In parliament Sharpe outlined her opposition to the legislation, saying it sent the wrong message about diseases like HIV.

“One of my greatest concerns is that the passage of this bill send the wrong message to frontline workers, that they have a significant risk of being infected with HIV  or Hepatitis B or C if they are spat on, our come into contact with other bodily fluids. This is just not the case. The risk of transmission is almost zero.” Sharpe said in the chamber during the third reading of the bill.

Sharpe said the bill was a major departure from how New South Wales had successfully managed blood borne viruses over the last 40 years, and went against the state’s own policies and goals.

“This bill takes us into disappointing unproven new territory where the science and medical advice is no longer the overriding feature of the response.” Sharpe said.

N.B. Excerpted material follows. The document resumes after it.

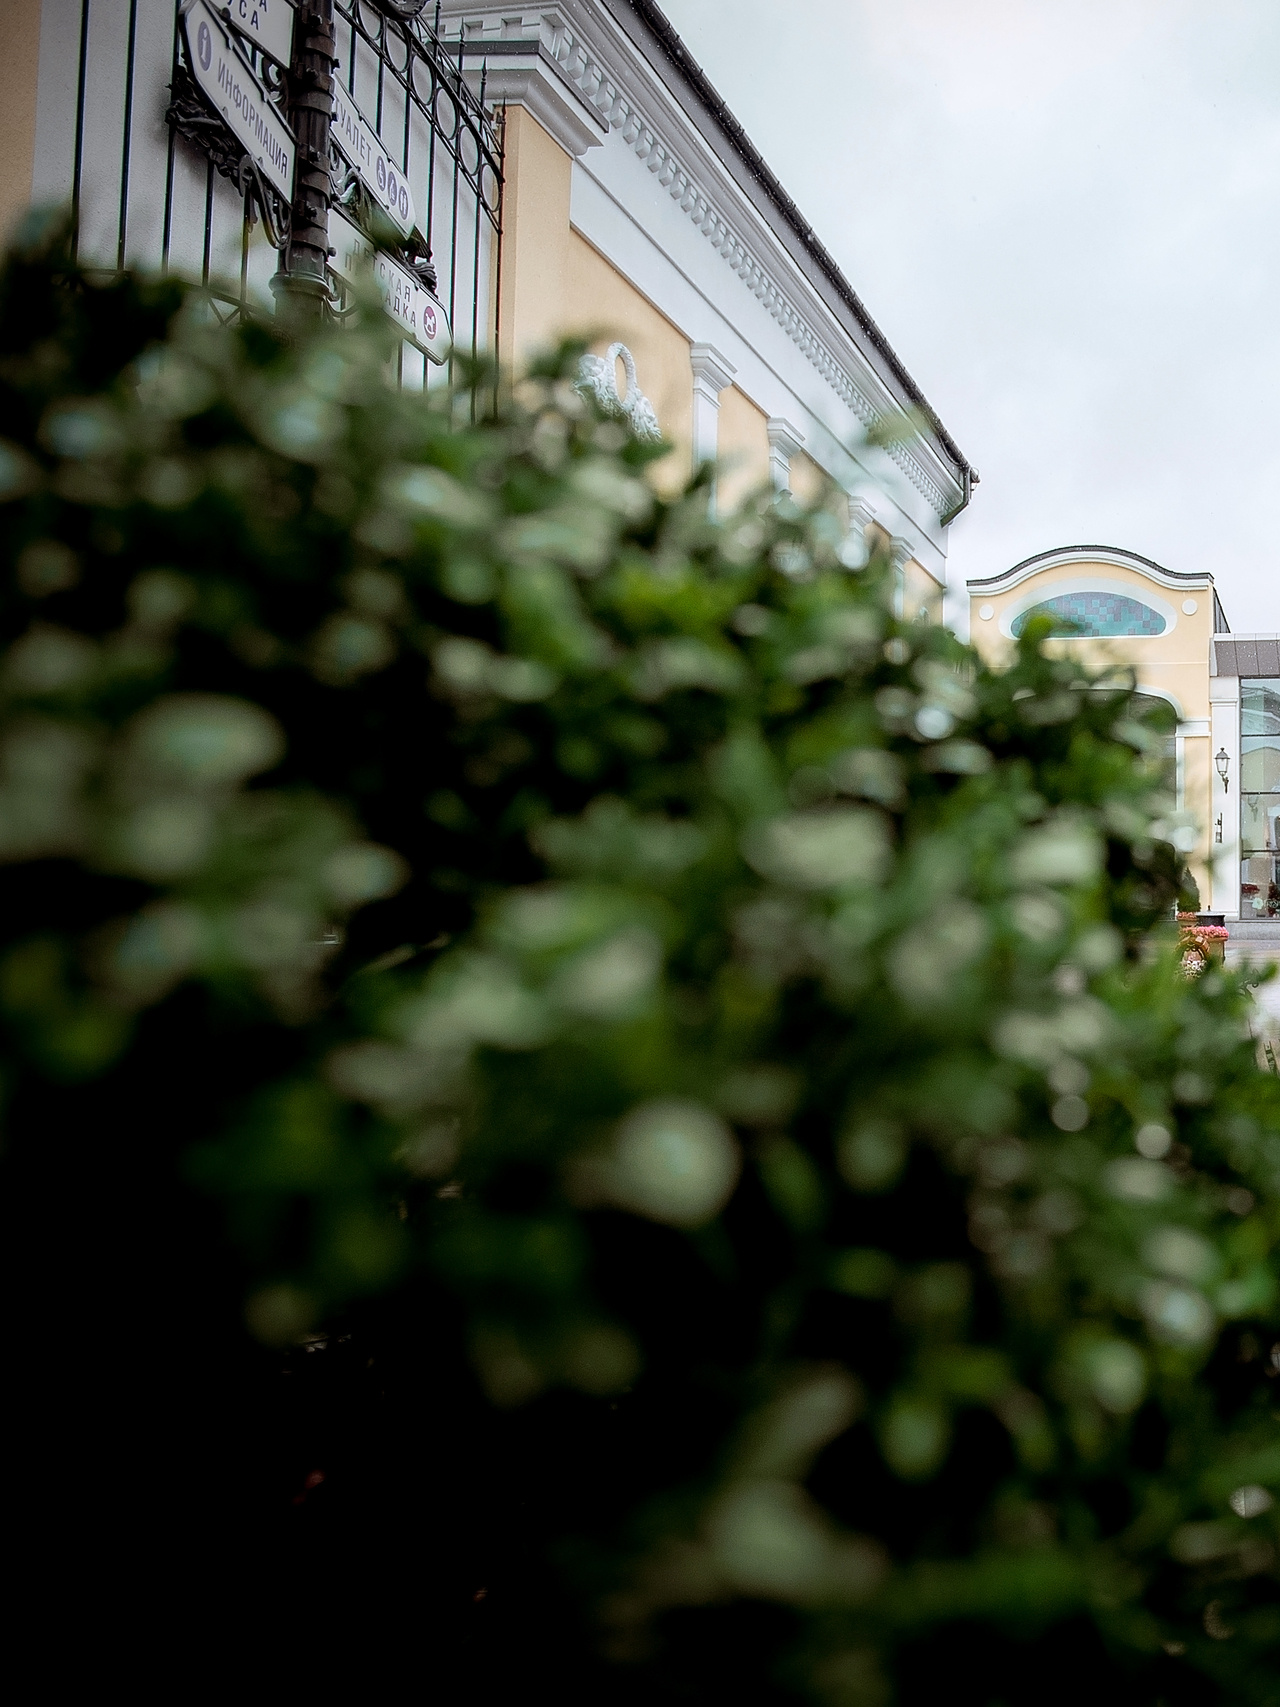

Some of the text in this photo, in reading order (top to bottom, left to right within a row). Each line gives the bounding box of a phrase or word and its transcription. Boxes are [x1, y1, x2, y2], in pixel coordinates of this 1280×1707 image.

[217, 57, 288, 179] ИНФОРМАЦИЯ
[333, 94, 372, 167] ТУАЛЕТ
[344, 251, 417, 328] ПАДКА

The legislation will require anyone who is over the age of 14, whose deliberate action leads to their bodily fluids coming into contact with a frontline worker, or is involved in an incident where a frontline worker feels they are at risk of contracting a blood borne disease, to undertake a blood tests.  Those who do not comply with the order can face a fine of $11,000 and or up to a year in prison.

The state’s leading LGBTQ+ health organisation ACON have publicly criticised the bill saying it does nothing to actually protect frontline workers, but increases the stigma and mis-information around the realities of living with HIV.

“This Bill does not afford real protections for our frontline workers – our current policies and procedures do, as evidenced by the fact that there has not been an incidence of occupational transmission of HIV for emergency service workers in more than 15 years,” ACON CEO Nicolas Parkhill said in a statement.

“This current Bill hands decision-making and assessment of risk over to untrained, non-experts. It is not based on evidence and will only perpetuate fears, uncertainty, and anxiety about how to properly manage exposures to bodily fluids.”

The bill is expected to return for a vote in the lower house when NSW parliament resumes next month.

Analysis of WA’s laws shows that legislation will be used more frequently that politicians claim

When similar laws were introduced by Western Australia’s Barnett government in 2015, then Attorney General Michael Mischin told the WA parliament that they would be rarely used. A report released by the National Association of People Living With HIV in 2019 showed that within the first three and half year of the legislation being in effect, 387 applications were made to force someone to undertake a test, only 10 applications were rejected.

Last year the McGowan government faced the same criticism when it introduced additional legislation to apply in the area of prison officers.